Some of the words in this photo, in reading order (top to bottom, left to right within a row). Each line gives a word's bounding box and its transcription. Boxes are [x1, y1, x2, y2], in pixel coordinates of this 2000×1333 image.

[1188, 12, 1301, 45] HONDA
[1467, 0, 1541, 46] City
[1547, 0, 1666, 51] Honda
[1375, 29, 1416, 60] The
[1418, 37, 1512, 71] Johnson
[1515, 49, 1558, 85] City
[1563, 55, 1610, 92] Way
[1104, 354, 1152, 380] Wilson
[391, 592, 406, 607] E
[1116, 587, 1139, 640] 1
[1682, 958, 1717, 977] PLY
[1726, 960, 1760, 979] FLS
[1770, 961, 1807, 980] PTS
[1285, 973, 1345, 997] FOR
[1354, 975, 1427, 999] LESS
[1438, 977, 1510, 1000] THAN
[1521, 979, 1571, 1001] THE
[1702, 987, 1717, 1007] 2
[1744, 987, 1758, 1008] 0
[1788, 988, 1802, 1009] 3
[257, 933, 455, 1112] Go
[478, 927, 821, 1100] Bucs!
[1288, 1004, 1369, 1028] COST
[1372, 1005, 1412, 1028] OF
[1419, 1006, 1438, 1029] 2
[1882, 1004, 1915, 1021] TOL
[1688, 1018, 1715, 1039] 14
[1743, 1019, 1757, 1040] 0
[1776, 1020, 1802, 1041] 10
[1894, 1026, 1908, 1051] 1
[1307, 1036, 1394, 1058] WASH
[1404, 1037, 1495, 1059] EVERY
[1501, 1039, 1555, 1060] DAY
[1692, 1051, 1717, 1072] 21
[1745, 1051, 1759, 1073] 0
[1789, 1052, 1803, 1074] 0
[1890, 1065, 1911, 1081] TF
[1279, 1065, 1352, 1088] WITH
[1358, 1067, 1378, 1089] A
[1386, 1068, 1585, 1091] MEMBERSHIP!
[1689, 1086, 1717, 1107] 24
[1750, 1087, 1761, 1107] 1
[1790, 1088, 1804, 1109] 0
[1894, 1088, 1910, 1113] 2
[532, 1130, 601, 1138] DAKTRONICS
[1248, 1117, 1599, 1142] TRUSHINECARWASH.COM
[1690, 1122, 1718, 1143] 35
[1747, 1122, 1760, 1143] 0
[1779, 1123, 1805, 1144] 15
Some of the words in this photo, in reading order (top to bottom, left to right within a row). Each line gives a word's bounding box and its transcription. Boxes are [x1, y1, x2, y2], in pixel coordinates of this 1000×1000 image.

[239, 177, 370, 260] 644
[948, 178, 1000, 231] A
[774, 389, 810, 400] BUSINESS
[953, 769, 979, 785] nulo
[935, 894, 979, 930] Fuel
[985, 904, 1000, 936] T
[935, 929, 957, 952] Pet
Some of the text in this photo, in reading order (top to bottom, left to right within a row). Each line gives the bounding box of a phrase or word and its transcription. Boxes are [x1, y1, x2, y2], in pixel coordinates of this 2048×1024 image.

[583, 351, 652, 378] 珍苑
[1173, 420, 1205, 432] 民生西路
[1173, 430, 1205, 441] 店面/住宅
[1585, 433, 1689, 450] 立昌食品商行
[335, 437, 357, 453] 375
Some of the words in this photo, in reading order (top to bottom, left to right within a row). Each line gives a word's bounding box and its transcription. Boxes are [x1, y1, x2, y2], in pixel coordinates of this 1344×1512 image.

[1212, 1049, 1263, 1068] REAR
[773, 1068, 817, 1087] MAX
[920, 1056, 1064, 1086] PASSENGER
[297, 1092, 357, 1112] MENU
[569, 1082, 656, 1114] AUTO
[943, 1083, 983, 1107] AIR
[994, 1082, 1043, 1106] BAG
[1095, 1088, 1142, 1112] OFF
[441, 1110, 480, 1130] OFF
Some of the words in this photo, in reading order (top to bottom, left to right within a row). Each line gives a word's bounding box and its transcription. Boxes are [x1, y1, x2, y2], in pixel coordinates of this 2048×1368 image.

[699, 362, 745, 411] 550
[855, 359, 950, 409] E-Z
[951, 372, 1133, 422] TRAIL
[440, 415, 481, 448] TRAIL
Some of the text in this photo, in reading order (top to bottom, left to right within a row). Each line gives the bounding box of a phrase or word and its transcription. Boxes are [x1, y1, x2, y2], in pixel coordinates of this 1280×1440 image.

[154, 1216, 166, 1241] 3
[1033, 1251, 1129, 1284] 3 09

# # # # #

[Work task]
Your output should be the lines from the one with "this 2048×1368 image." through the end of the records above, copied exactly.

[Reply to the task]
Some of the words in this photo, in reading order (top to bottom, left to right within a row). Each line gives a word's bounding box and its transcription. Boxes are [x1, y1, x2, y2], in pixel coordinates of this 2048×1368 image.

[699, 362, 745, 411] 550
[855, 359, 950, 409] E-Z
[951, 372, 1133, 422] TRAIL
[440, 415, 481, 448] TRAIL
Some of the text in this photo, in reading order (top to bottom, left to right within a row). Each line gives the bounding box of a phrase or word and its transcription. Boxes are [x1, y1, x2, y2], in pixel coordinates of this 1280×1440 image.

[154, 1216, 166, 1241] 3
[1033, 1251, 1129, 1284] 3 09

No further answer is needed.